Lomax: So this has been a journey for the nation and not just for me. So I'm a 72 year old, still hardworking adult. But in 1964, when I was 16 years old and I was making a decision about where I would go to college, life just happened and I wound up going to Morehouse College from Los Angeles, California. And I remember in 1964, my peer classmates, middle class, Black kids whose families had fled the South, saying to me, "Why would you go to Georgia to go to college? You could go stay in Los Angeles and go to UCLA or go to USC." And as it happened, I went to Morehouse. That trek in 1964, back to the South, I was in the minority. Today, California is the second largest feeder into Morehouse and Spelman...

Fuller: Interesting.

Lomax: …University. Because Black kids really have decided, I'd like to see what it's like to be in the majority. And that they'll hear from their peers that attending an HBCU gave them a sense of community, a sense of greater identity, and better prepared them for the world that they will encounter when they graduate. They can be like my grandson, who will be a freshman at Morehouse this year, who is going there because we have a long tradition of attending historically Black colleges in our family, which goes back to the 19th century. And he wants to be a part of that. For other students, it will be that their family members have attended predominantly white institutions and they want to try this other brand. And for other students, who this'll be the first step on the education ladder for them, they think that they'll be more comfortable, they'll get more support by going to an institution where their race really is not held against them.
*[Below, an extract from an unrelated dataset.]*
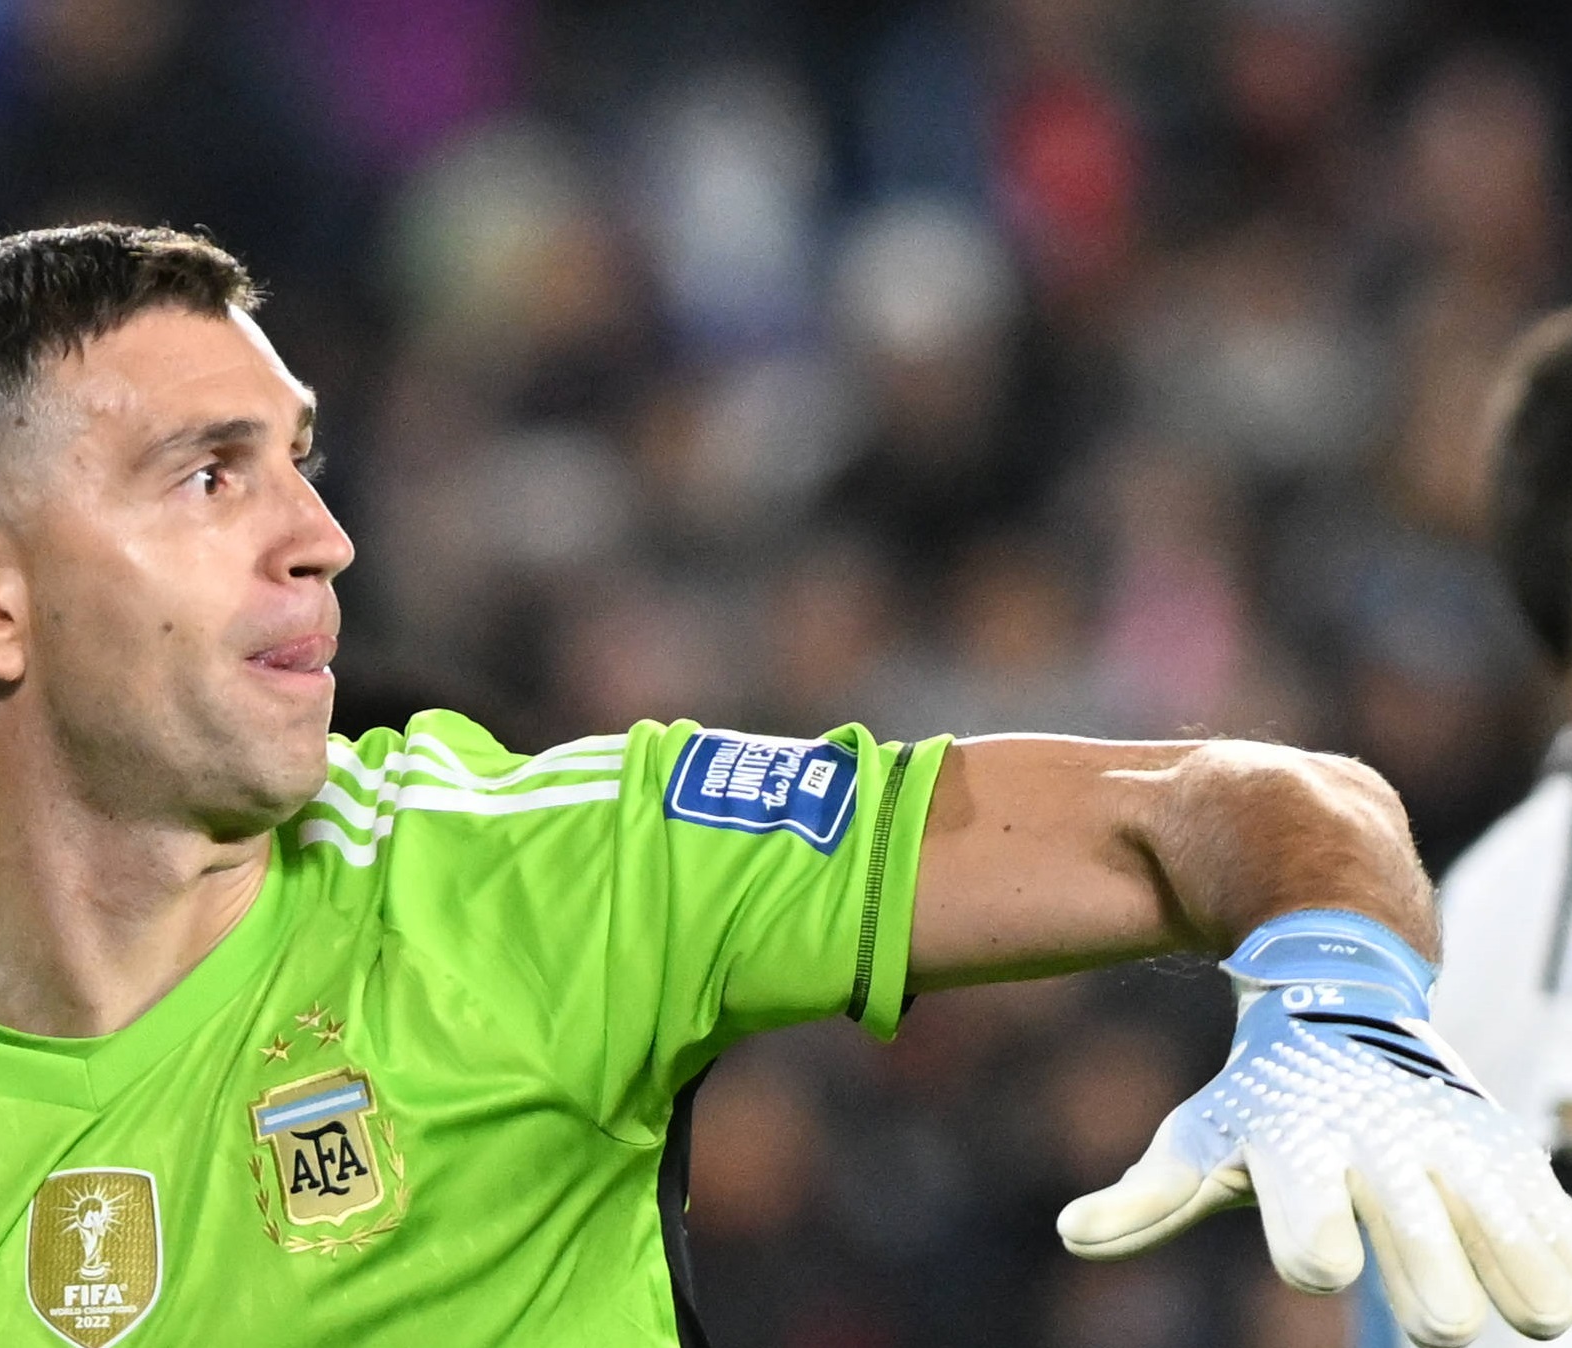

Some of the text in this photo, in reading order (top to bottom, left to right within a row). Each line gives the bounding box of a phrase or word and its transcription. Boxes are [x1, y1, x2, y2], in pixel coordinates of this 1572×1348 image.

Fuller: Michael, we're talking in July, 2020, obviously while the Covid-19 pandemic is still affecting the economy broadly and higher education specifically. But more importantly, it's also in the era after the murder of George Floyd, where there's been a real resurgence of discussion and debate about inequality in America, the original sin of America—slavery. How are you thinking about that institutionally? How can you improve the understanding of people about these issues and how do you think that's going to affect UNCF and its member institutions?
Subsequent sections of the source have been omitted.